## WORK ORDER
If an entry holds a picture, drop the picture and restate the rest word for word.

## RECORDS FOR THE EXERCISE
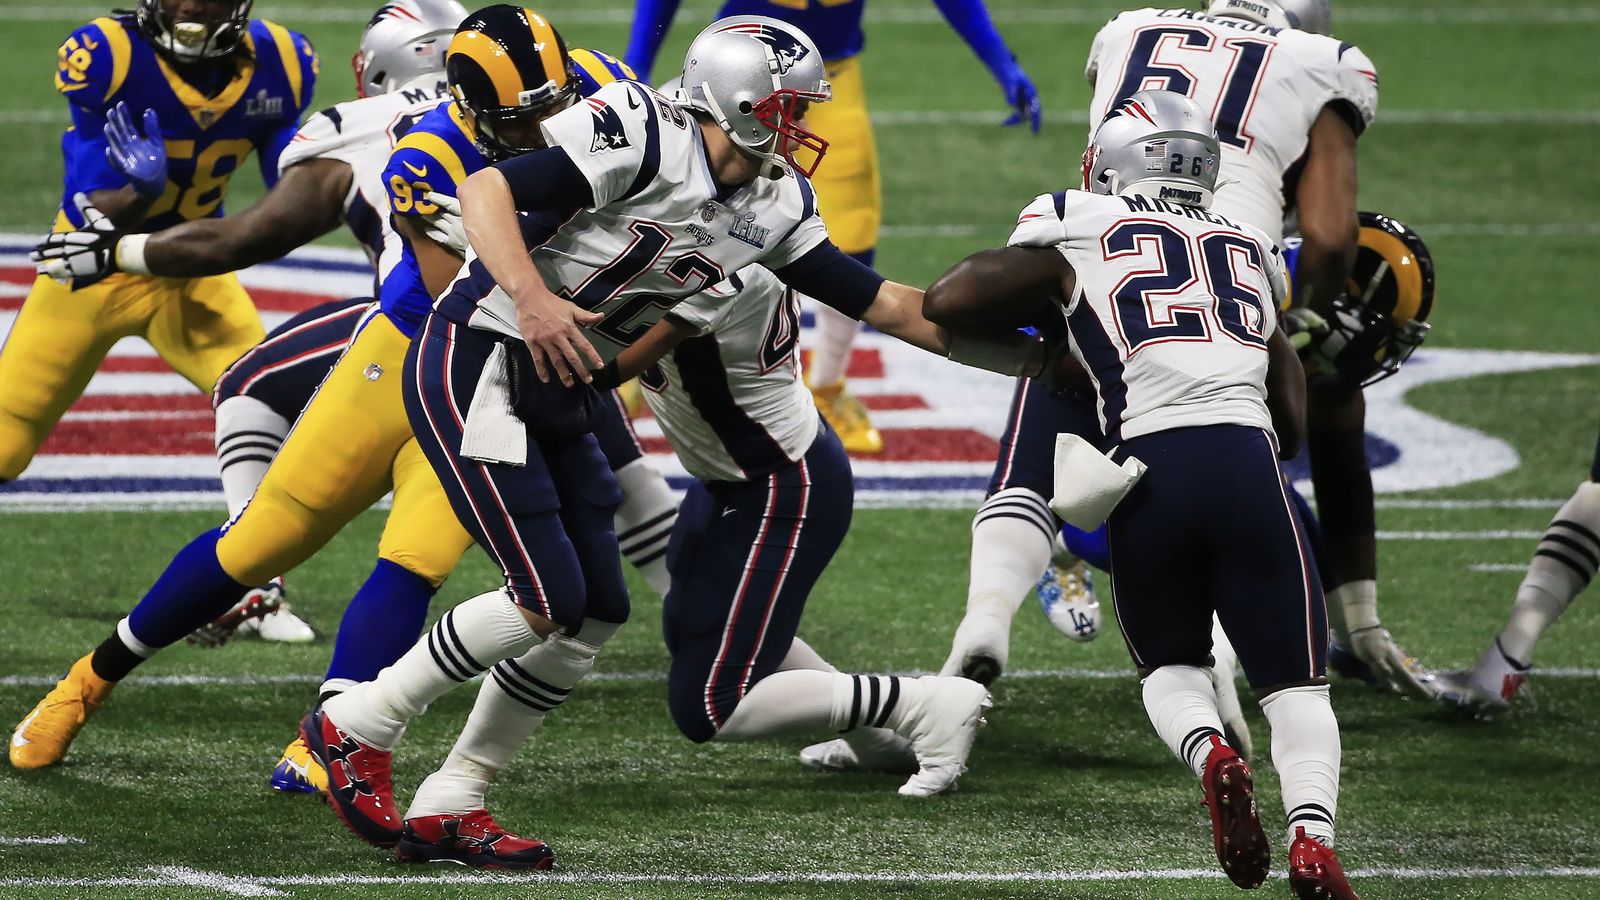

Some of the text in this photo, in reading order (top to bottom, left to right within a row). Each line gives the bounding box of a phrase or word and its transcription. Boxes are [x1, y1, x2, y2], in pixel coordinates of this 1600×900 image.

[1110, 24, 1278, 154] 61
[1170, 153, 1203, 177] 26
[389, 174, 440, 215] 93
[1119, 194, 1242, 231] MICHEL
[1159, 186, 1203, 203] PATRIOTS
[684, 223, 714, 246] PATRIOTS
[556, 220, 725, 347] 12
[1100, 218, 1269, 358] 26
[1067, 607, 1096, 637] LA
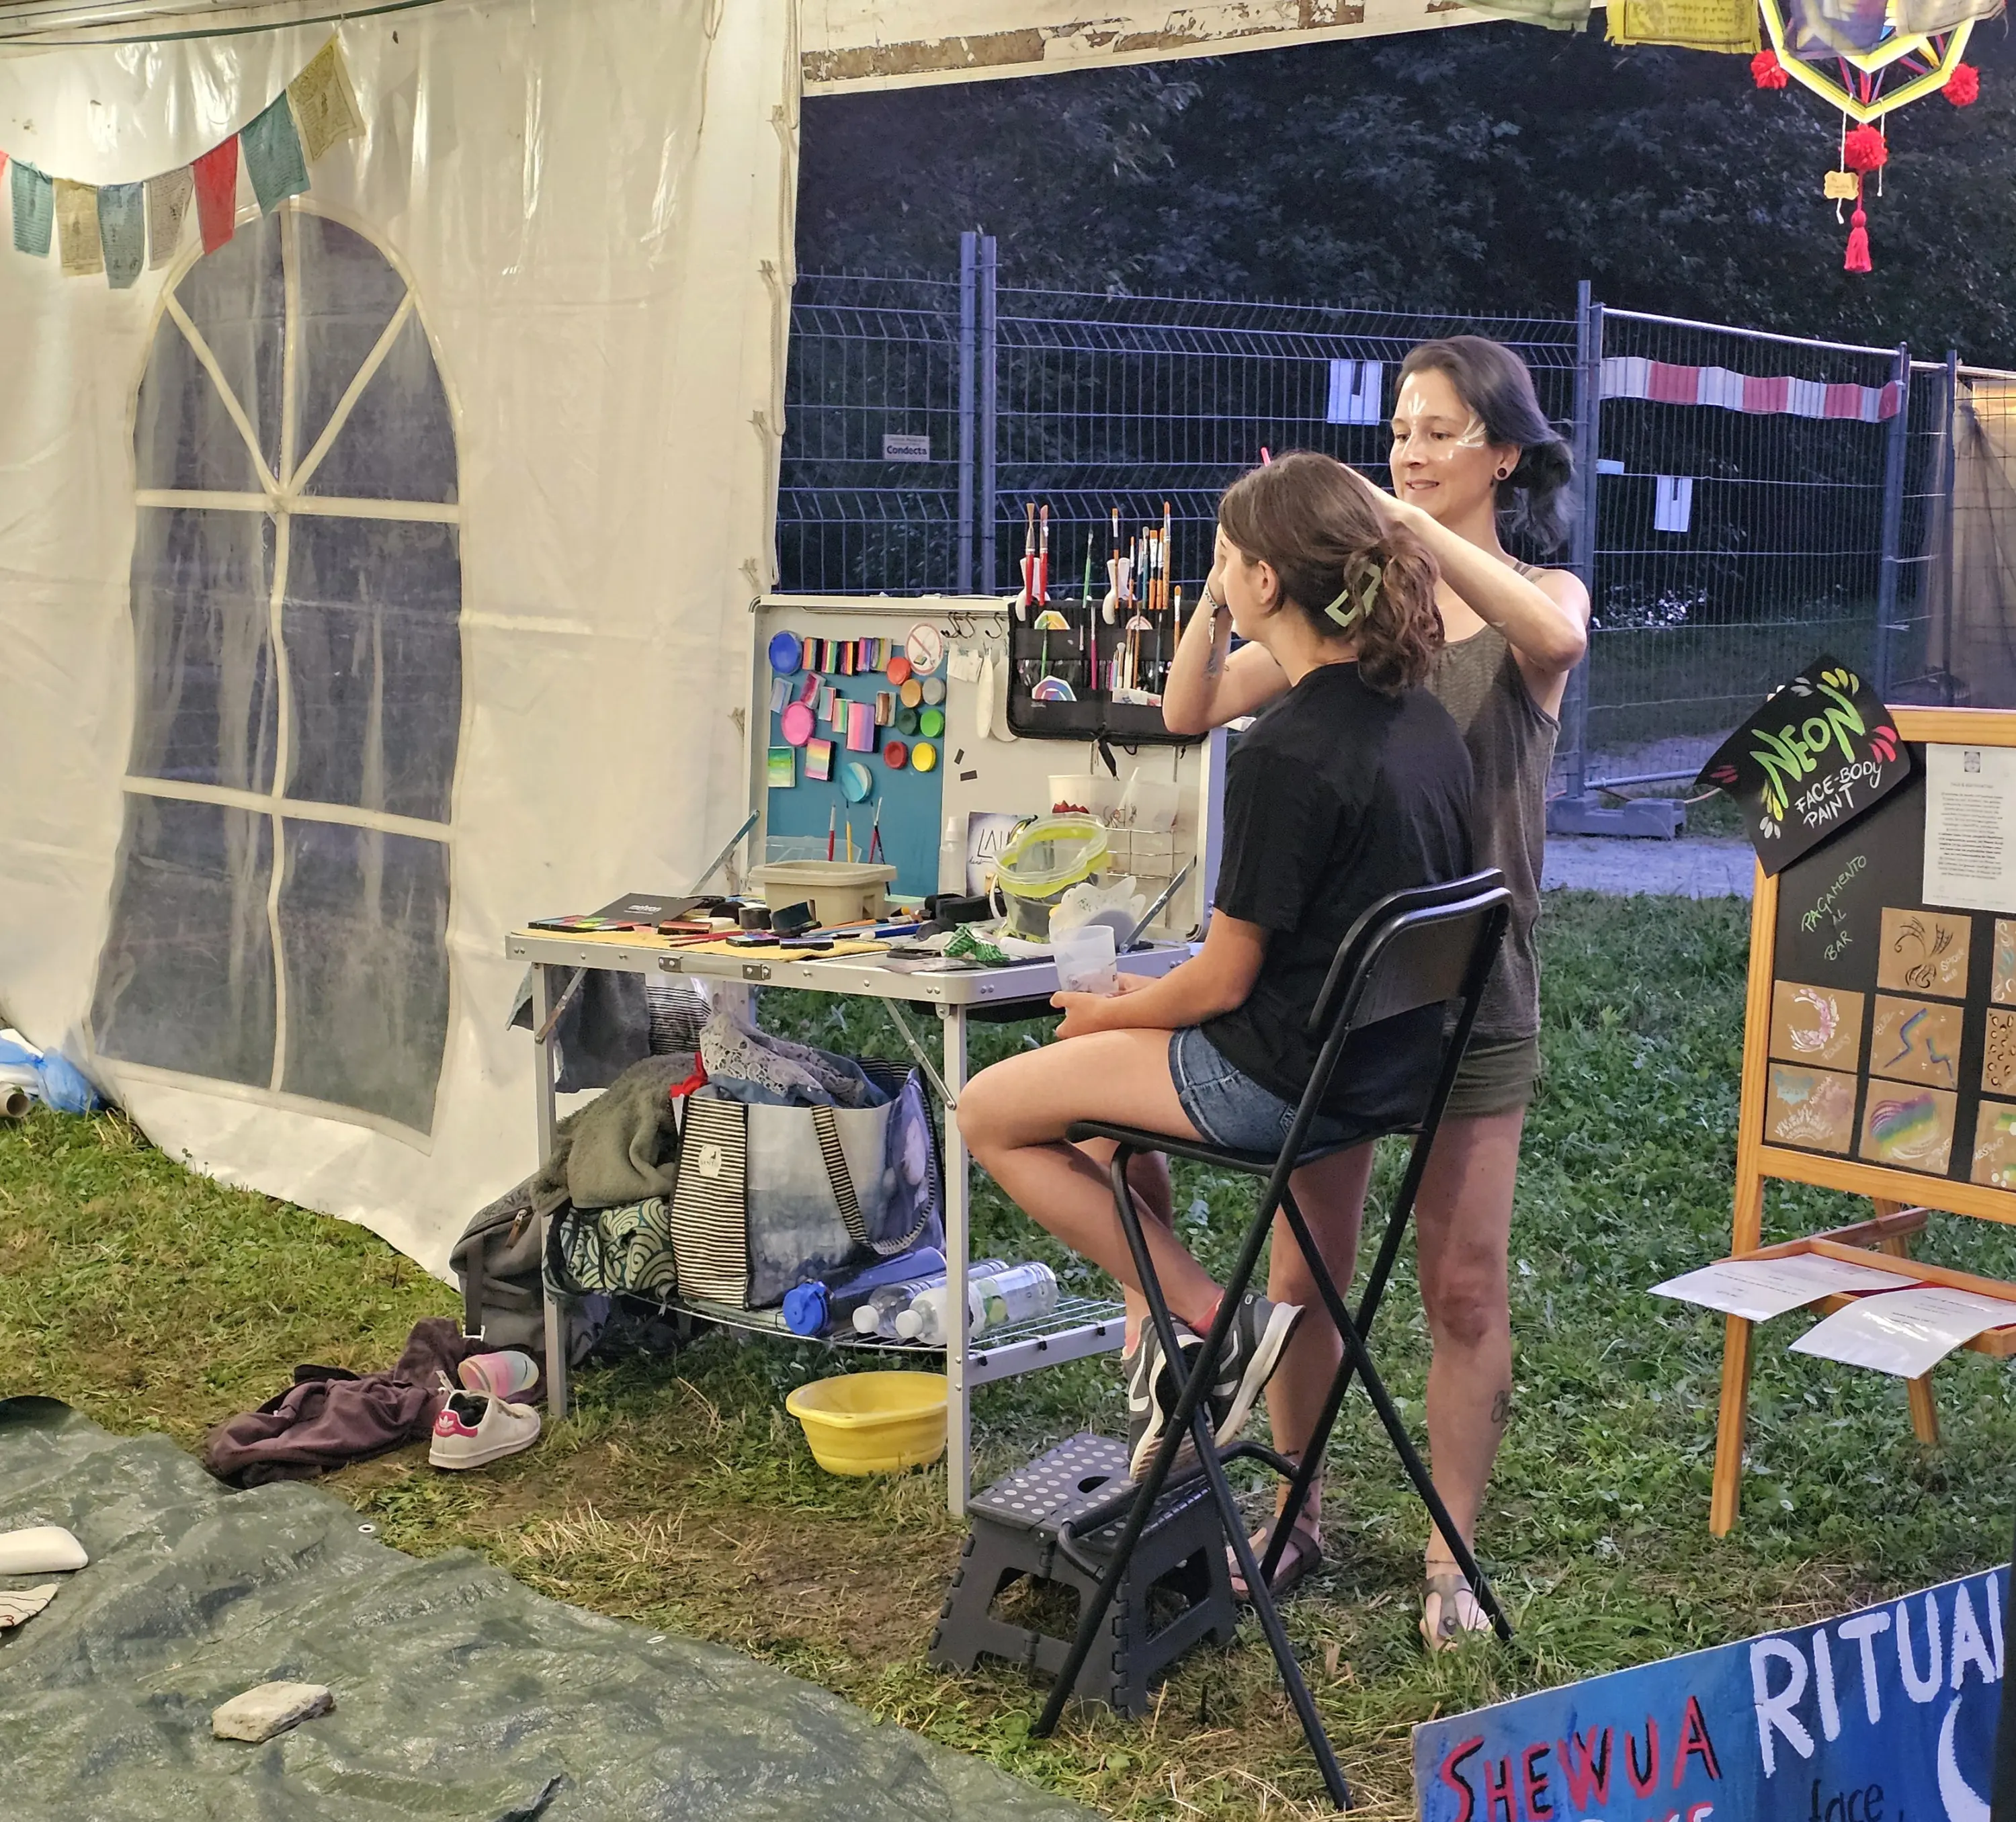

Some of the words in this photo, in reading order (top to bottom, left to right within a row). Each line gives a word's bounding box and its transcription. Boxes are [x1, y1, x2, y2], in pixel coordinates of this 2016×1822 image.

[887, 445, 927, 455] Condecta
[1750, 684, 1865, 809] NEON
[1803, 782, 1854, 829] PAINT
[1801, 855, 1866, 932] PAGAMENTO
[1832, 909, 1847, 926] AL
[1824, 930, 1853, 961] BAR
[1439, 1694, 1723, 1822] SHEWUA

## OUTPUT OF THE EXERCISE
Some of the text in this photo, in reading order (top to bottom, left to right within a row). Each line gives the bounding box of a phrase or word and its transcription. Boxes are [x1, y1, x2, y2], in pixel coordinates of this 1600×900 image.

[1110, 24, 1278, 154] 61
[1170, 153, 1203, 177] 26
[389, 174, 440, 215] 93
[1119, 194, 1242, 231] MICHEL
[1159, 186, 1203, 203] PATRIOTS
[684, 223, 714, 246] PATRIOTS
[556, 220, 725, 347] 12
[1100, 218, 1269, 358] 26
[1067, 607, 1096, 637] LA

Some of the words in this photo, in reading order (top to bottom, left to right within a row). Each line gives a word's bounding box and its transcription. Boxes are [x1, y1, x2, y2], in pixel coordinates of this 2016×1822 image.

[887, 445, 927, 455] Condecta
[1750, 684, 1865, 809] NEON
[1803, 782, 1854, 829] PAINT
[1801, 855, 1866, 932] PAGAMENTO
[1832, 909, 1847, 926] AL
[1824, 930, 1853, 961] BAR
[1439, 1694, 1723, 1822] SHEWUA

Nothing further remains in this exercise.